During the 5th and 6th centuries Surrey was conquered and settled by Saxons. The names of a number of Saxon tribes who may have inhabited different parts of Surrey in this period have been conjectured on the basis of place names. These include the Godhelmingas (around Godalming), Tetingas (around Tooting) and Woccingas (between Woking and Wokingham in Berkshire). It has also been speculated that the Nox gaga and the Oht gaga tribes listed in the Mercian Tribal Hidage refer to two distinct groups living in Surrey. They were valued together at 7,000 hides. Surrey may have formed part of a larger Middle Saxon kingdom or confederacy also including areas north of the Thames. The name Surrey is derived from Suþrige, meaning "southern region", and this may originate in its status as the southern half of the Middle Saxon territory or the southern reach of Mercian territory.
By the 7th century Surrey had became a frontier area disputed between the kingdoms of Kent, Essex, Sussex, Wessex and Mercia, until its permanent absorption by Wessex in 825. Despite this fluctuating situation it retained its identity as a coherent territorial unit. During the 7th century Surrey became Christian and initially formed part of the East Saxon diocese of London, indicating that it was under East Saxon rule at that time, but Surrey was later transferred to the West Saxon Diocese of Winchester. Its most important religious institution throughout the Anglo-Saxon period and beyond was Chertsey Abbey, founded in 666. At this point Surrey was evidently under Kentish domination, as the abbey was founded under the patronage of King Ecgberht of Kent. However, a few years later at least part of it was subject to Mercia, since in 673-5 further lands were given to Chertsey Abbey by Frithuwald, an underking whose charter to the Abbey calls him King of Surrey and states that he ruled under the sovereignty of Wulfhere of Mercia. A decade later Surrey passed into the hands of King Caedwalla of Wessex, who also conquered Kent and Sussex and founded a monastery at Farnham in 686. Surrey remained under the control of Caedwalla's successor Ine in the early 8th century.
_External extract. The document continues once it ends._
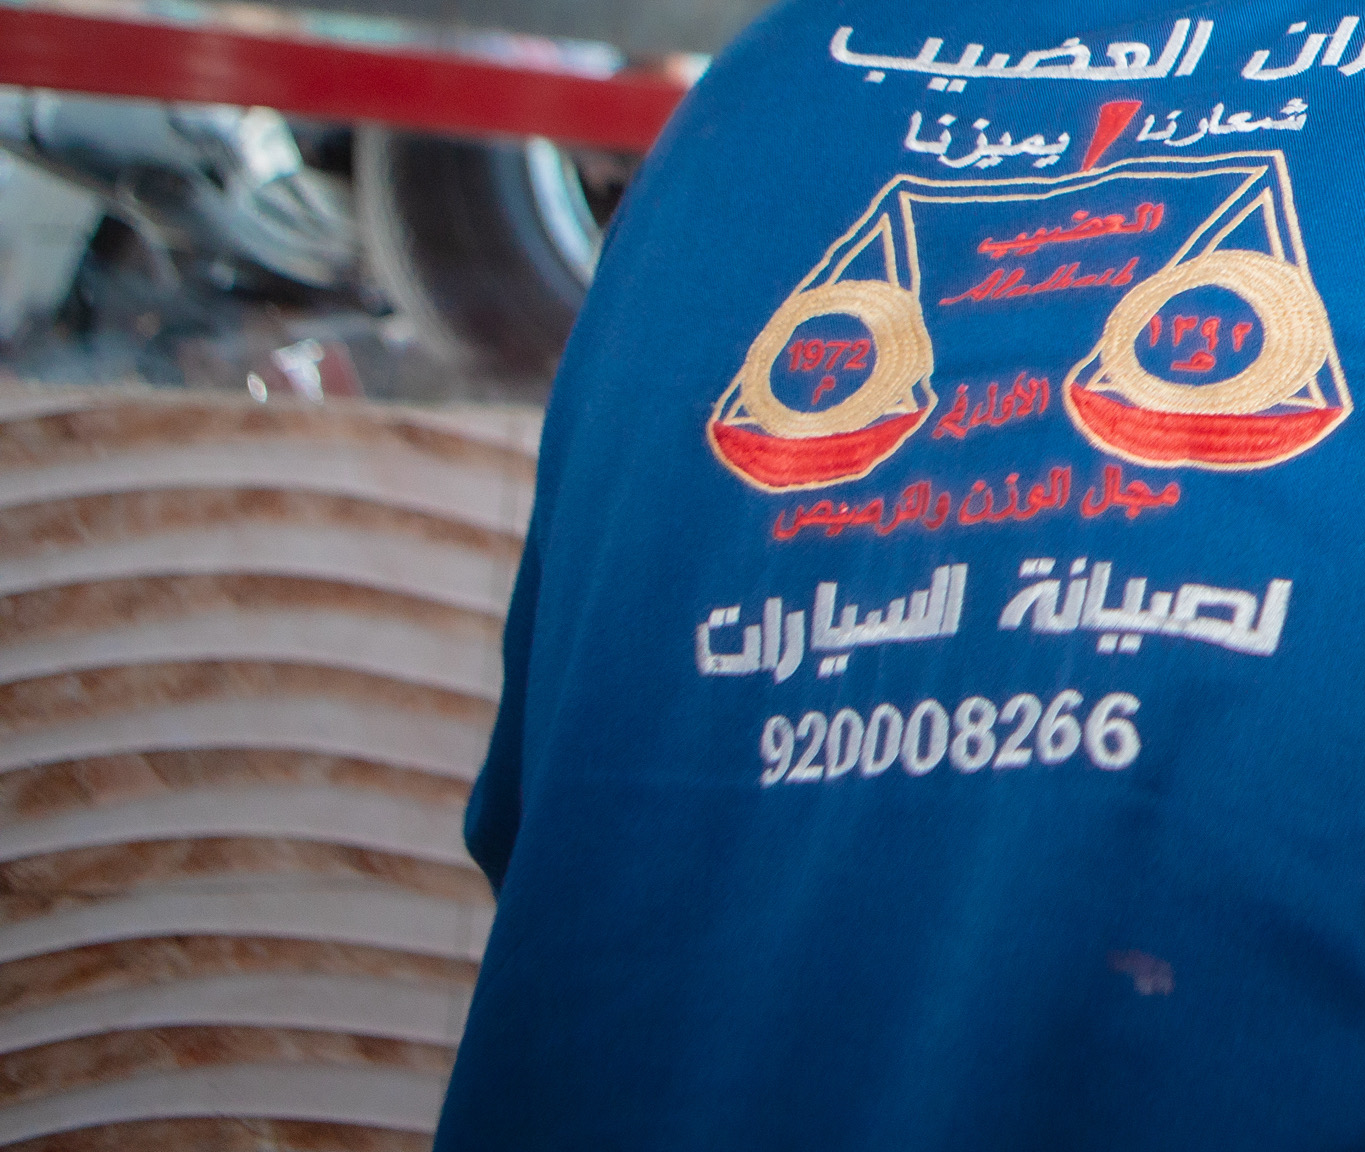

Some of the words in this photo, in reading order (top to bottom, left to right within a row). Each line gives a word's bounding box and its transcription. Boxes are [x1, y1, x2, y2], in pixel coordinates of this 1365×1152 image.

Its political history for most of the 8th century is unclear, although it may have been under South Saxon control around 722, but by 784-5 it had passed into the hands of King Offa of Mercia. Mercian rule continued until 825.
Kings of Surrey identified in this time are:
- Frithuwold (c.673 - 675)
- Frithuric? (675 - c.686)
The West Saxon and English shire
In 825, King Egbert of Wessex defeated the Mercians at the Battle of Ashdown and seized control of Surrey, along with Sussex, Kent and Essex. Surrey was incorporated into Wessex as a shire and continued thereafter under the rule of the West Saxon kings, who eventually became kings of all England.
In 851 an exceptionally large invasion force of Danes arrived in the mouth of the Thames on a fleet of about 350 ships. The army sacked Canterbury and London and defeated King Beorhtwulf of Mercia in battle, the Danes crossed the Thames into Surrey, but were slaughtered by a West Saxon army led by King Aethelwulf of Wessex in the Battle of Aclea, presumed to be Ockley in Surrey, bringing the invasion to an end. In 892 Surrey was the scene of another important battle when a large Danish army, variously reported at 200, 250 and 350 ship-loads, moved west from its encampment in Kent. It was intercepted and defeated at Farnham by an army led by Alfred the Great's son Edward, the future King Edward the Elder, and fled across the Thames towards Essex.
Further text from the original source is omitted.